(Data for this task begins)

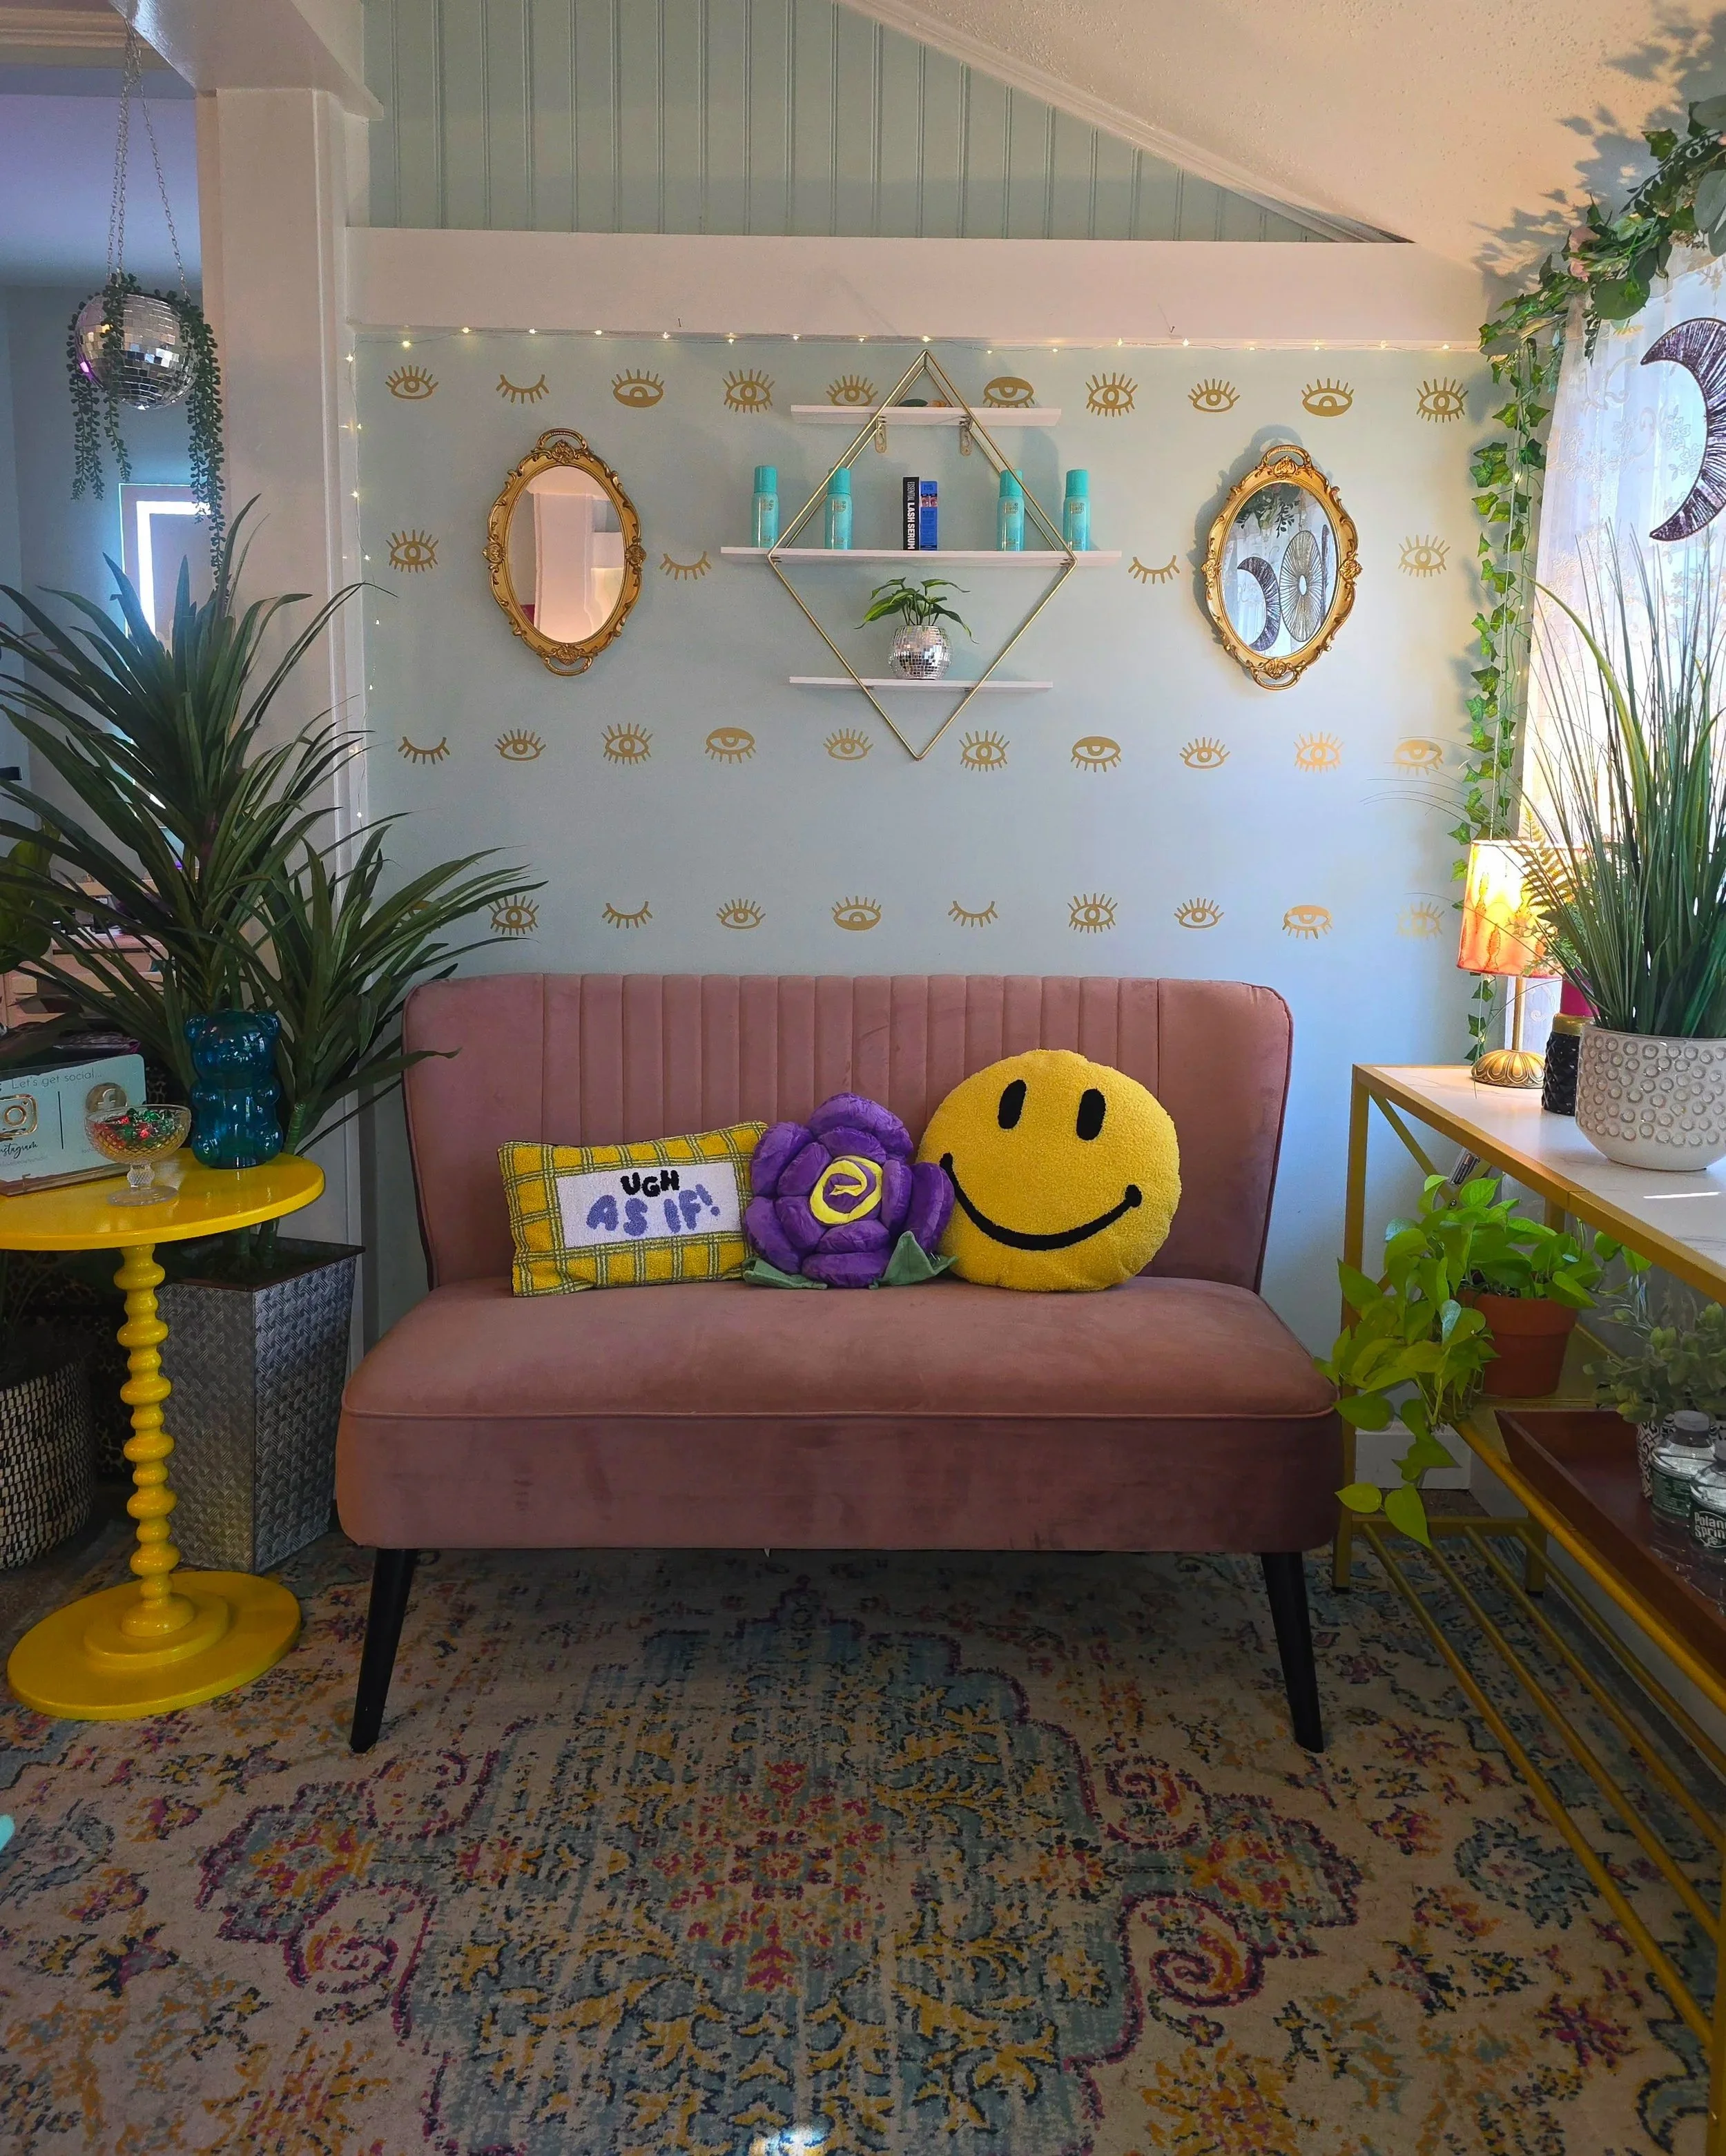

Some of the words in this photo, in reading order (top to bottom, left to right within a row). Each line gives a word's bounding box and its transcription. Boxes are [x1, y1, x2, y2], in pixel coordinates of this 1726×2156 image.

[907, 481, 915, 501] ESSENTIAL
[907, 502, 915, 523] LASH
[907, 523, 915, 550] SERUM
[11, 1076, 38, 1089] Let's
[41, 1075, 60, 1087] get
[620, 1169, 680, 1197] UGH
[586, 1194, 649, 1236] AS
[663, 1183, 721, 1234] IF!
[1694, 1512, 1726, 1530] Polan
[1694, 1524, 1726, 1540] Sprin
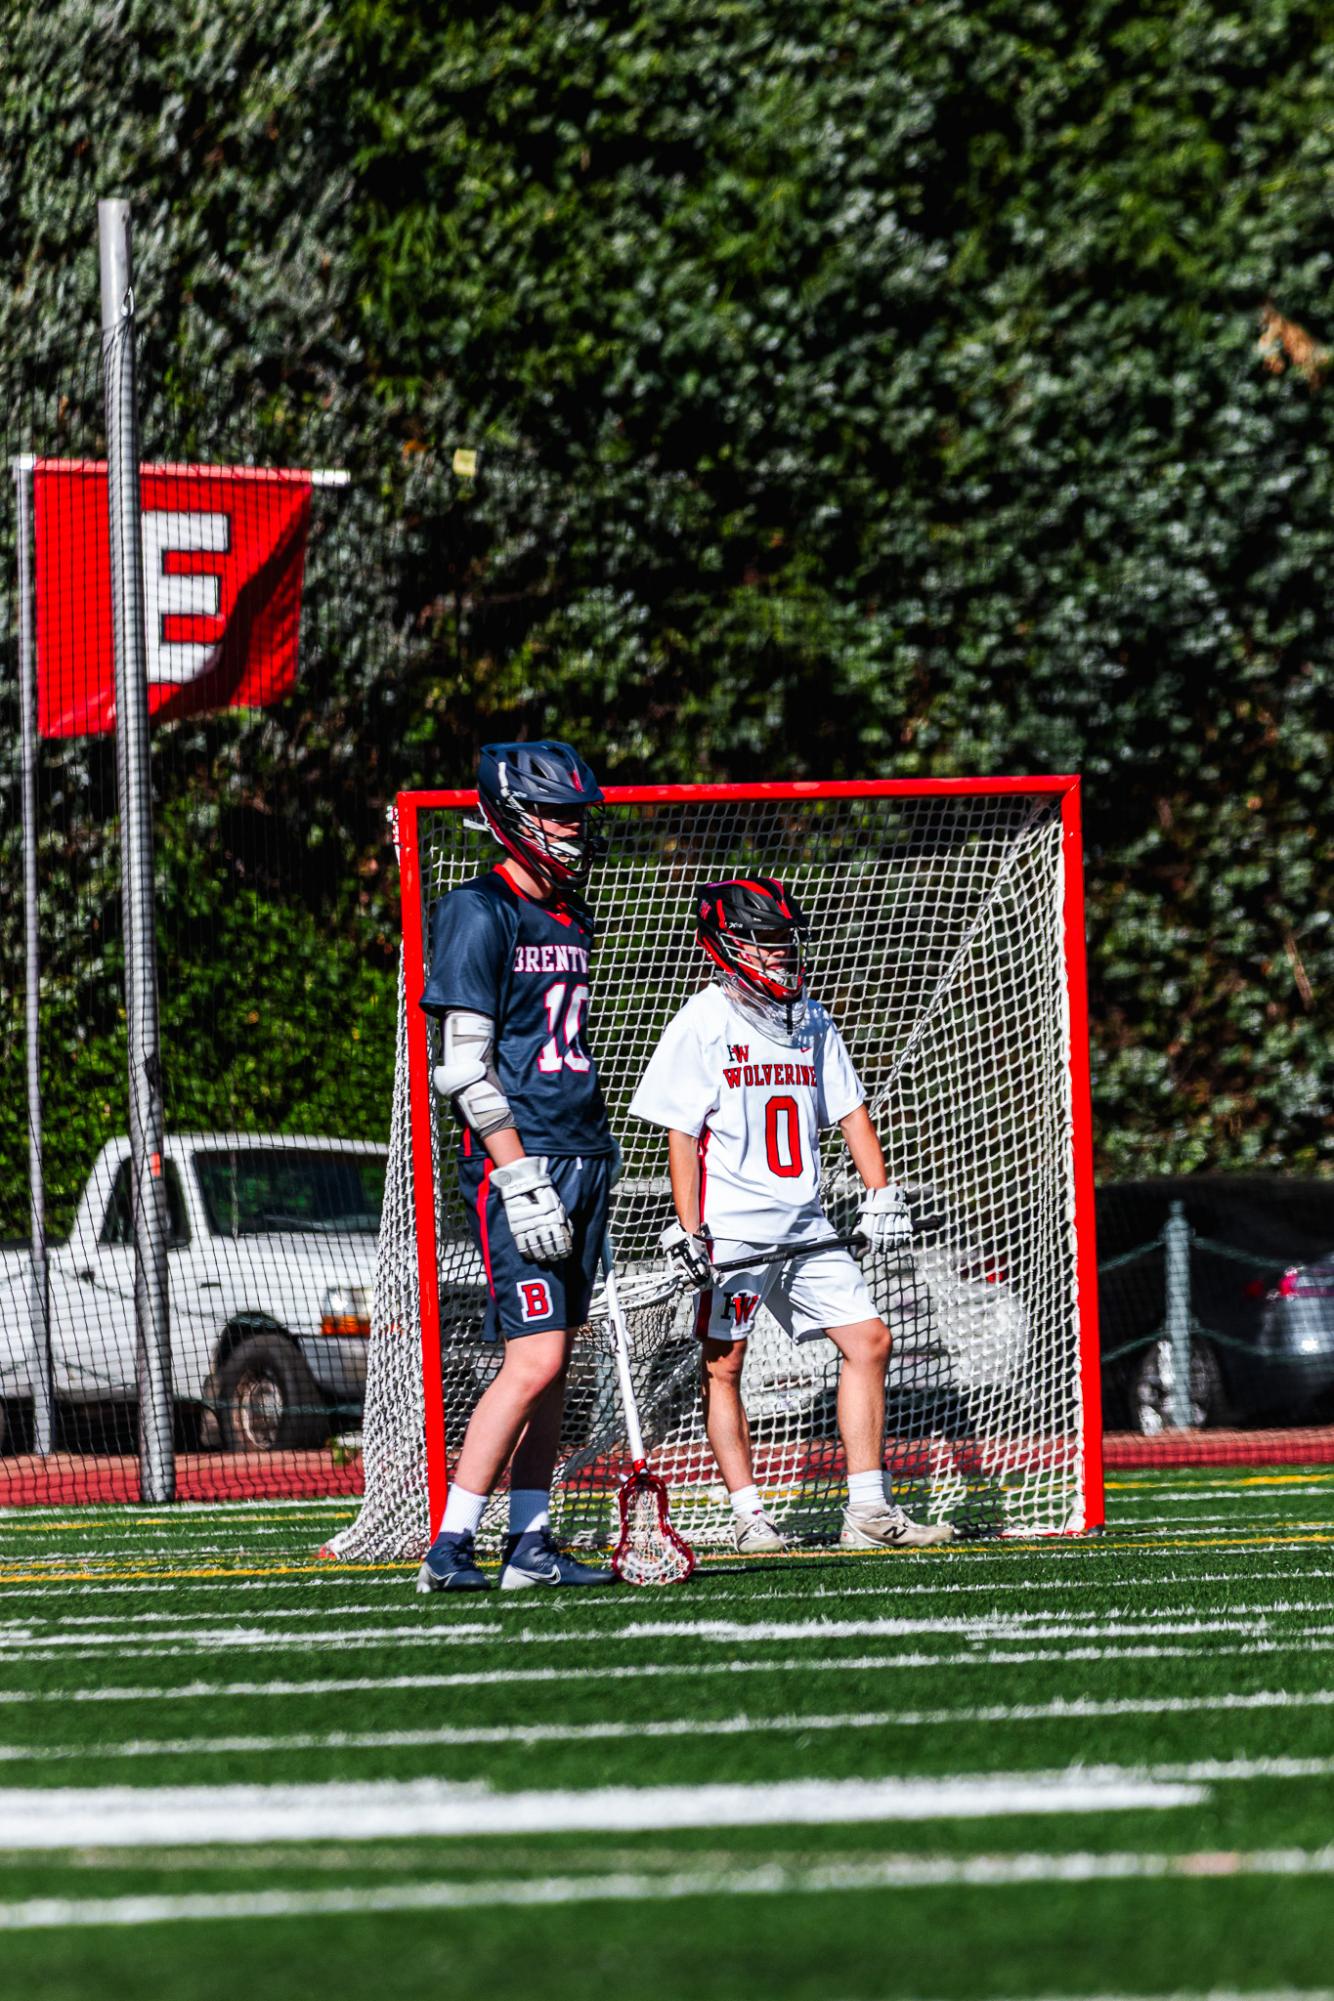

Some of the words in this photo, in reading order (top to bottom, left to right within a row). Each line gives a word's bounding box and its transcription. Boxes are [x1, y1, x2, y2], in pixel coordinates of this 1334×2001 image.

[141, 511, 230, 684] E
[538, 981, 591, 1073] 10
[723, 1063, 818, 1089] WOLVERINE
[765, 1095, 804, 1178] 0
[516, 1278, 554, 1323] B
[720, 1291, 760, 1326] HW

(Data for this task ends)

◆ **Task**:
Set the listing down again exactly, skipping each picture.

◆ **Answer to this problem**:
Some of the words in this photo, in reading order (top to bottom, left to right within a row). Each line gives a word's bounding box and its transcription. Boxes are [x1, y1, x2, y2], in pixel coordinates of this 1726×2156 image.

[907, 481, 915, 501] ESSENTIAL
[907, 502, 915, 523] LASH
[907, 523, 915, 550] SERUM
[11, 1076, 38, 1089] Let's
[41, 1075, 60, 1087] get
[620, 1169, 680, 1197] UGH
[586, 1194, 649, 1236] AS
[663, 1183, 721, 1234] IF!
[1694, 1512, 1726, 1530] Polan
[1694, 1524, 1726, 1540] Sprin

Some of the words in this photo, in reading order (top to bottom, left to right within a row). Each line gives a word's bounding box and its transcription. Boxes are [x1, y1, x2, y2], in pixel coordinates of this 1334×2001 image.

[141, 511, 230, 684] E
[538, 981, 591, 1073] 10
[723, 1063, 818, 1089] WOLVERINE
[765, 1095, 804, 1178] 0
[516, 1278, 554, 1323] B
[720, 1291, 760, 1326] HW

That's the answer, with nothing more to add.